▸ Records for this task:
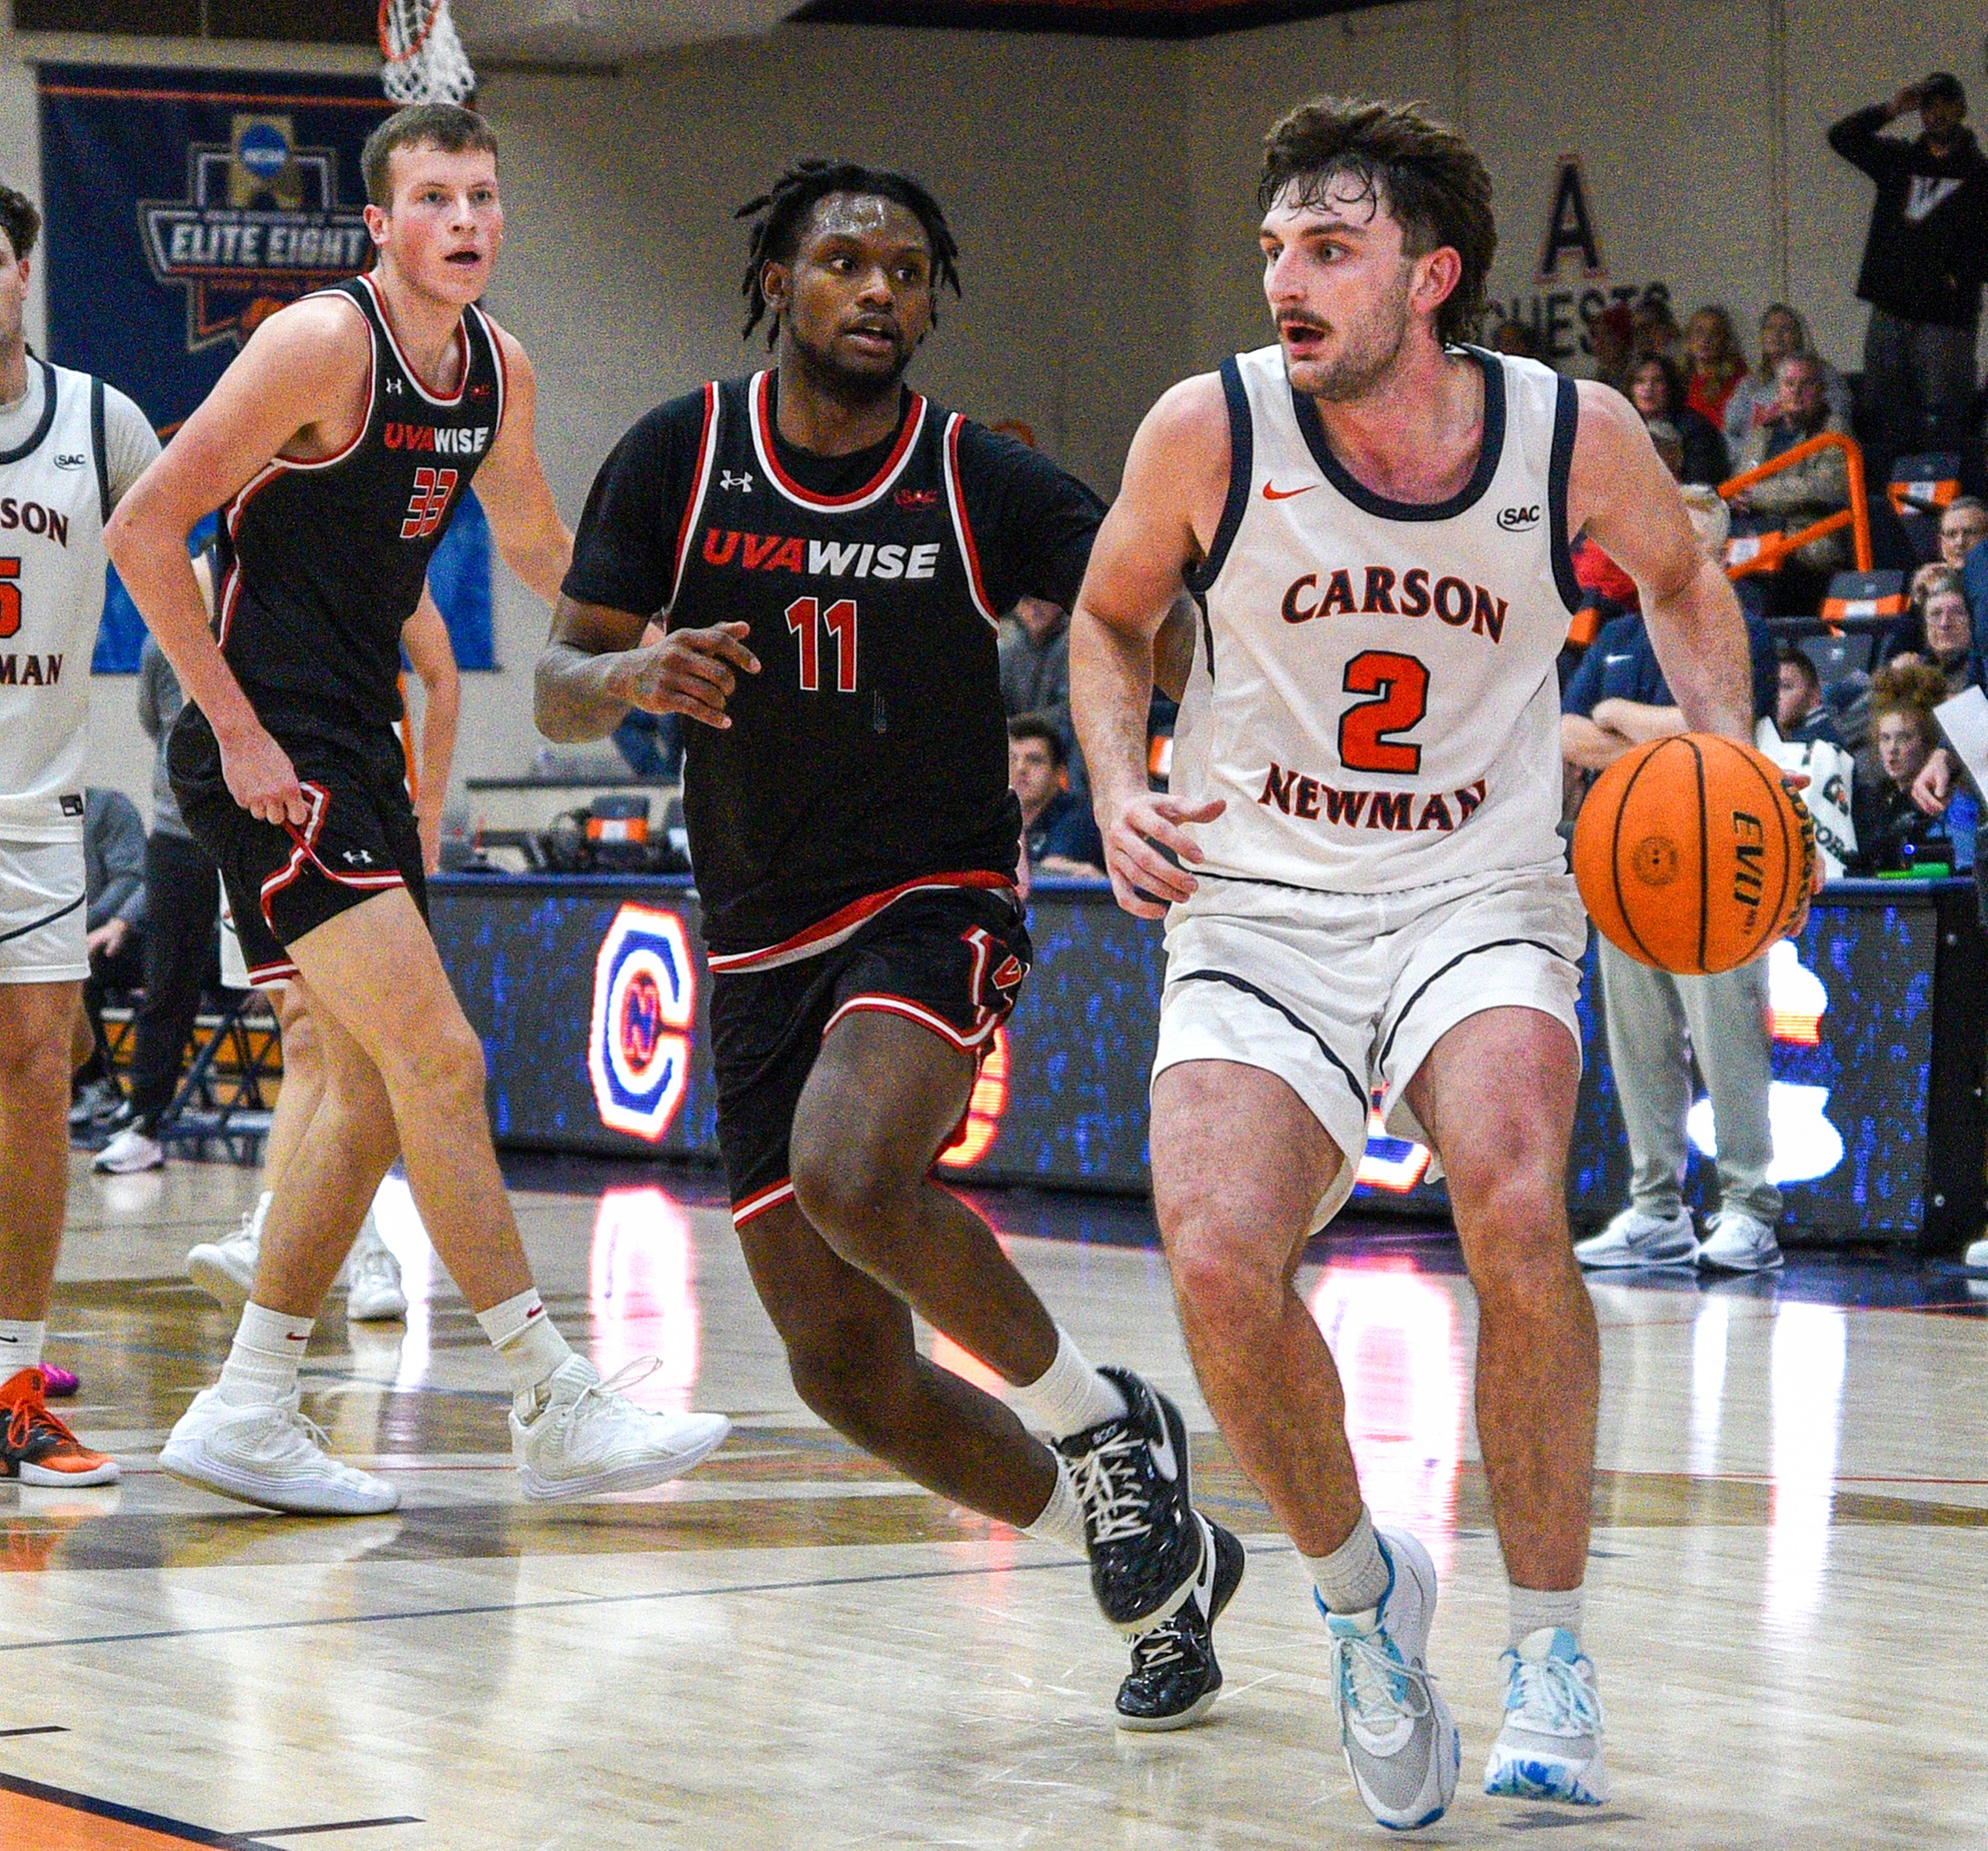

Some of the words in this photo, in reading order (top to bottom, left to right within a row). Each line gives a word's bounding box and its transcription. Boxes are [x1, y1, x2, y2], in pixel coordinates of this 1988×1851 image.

[171, 223, 262, 266] ELITE
[267, 225, 366, 267] EIGHT
[57, 454, 86, 466] SAC
[384, 422, 490, 454] UVAWISE
[400, 467, 459, 539] 33
[1502, 505, 1541, 526] SAC
[702, 528, 942, 580] UVAWISE
[1280, 566, 1509, 645] CARSON
[784, 596, 858, 693] 11
[1337, 650, 1430, 776] 2
[1257, 763, 1487, 832] NEWMAN

▸ Work instructions:
A verbatim copy of the entries, stripped of pictures, should be produced.

▸ Answer section:
Some of the words in this photo, in reading order (top to bottom, left to right within a row). Each line gives a word's bounding box and its transcription. Boxes are [x1, y1, x2, y2], in pixel coordinates of this 1988×1851 image.

[171, 223, 262, 266] ELITE
[267, 225, 366, 267] EIGHT
[57, 454, 86, 466] SAC
[384, 422, 490, 454] UVAWISE
[400, 467, 459, 539] 33
[1502, 505, 1541, 526] SAC
[702, 528, 942, 580] UVAWISE
[1280, 566, 1509, 645] CARSON
[784, 596, 858, 693] 11
[1337, 650, 1430, 776] 2
[1257, 763, 1487, 832] NEWMAN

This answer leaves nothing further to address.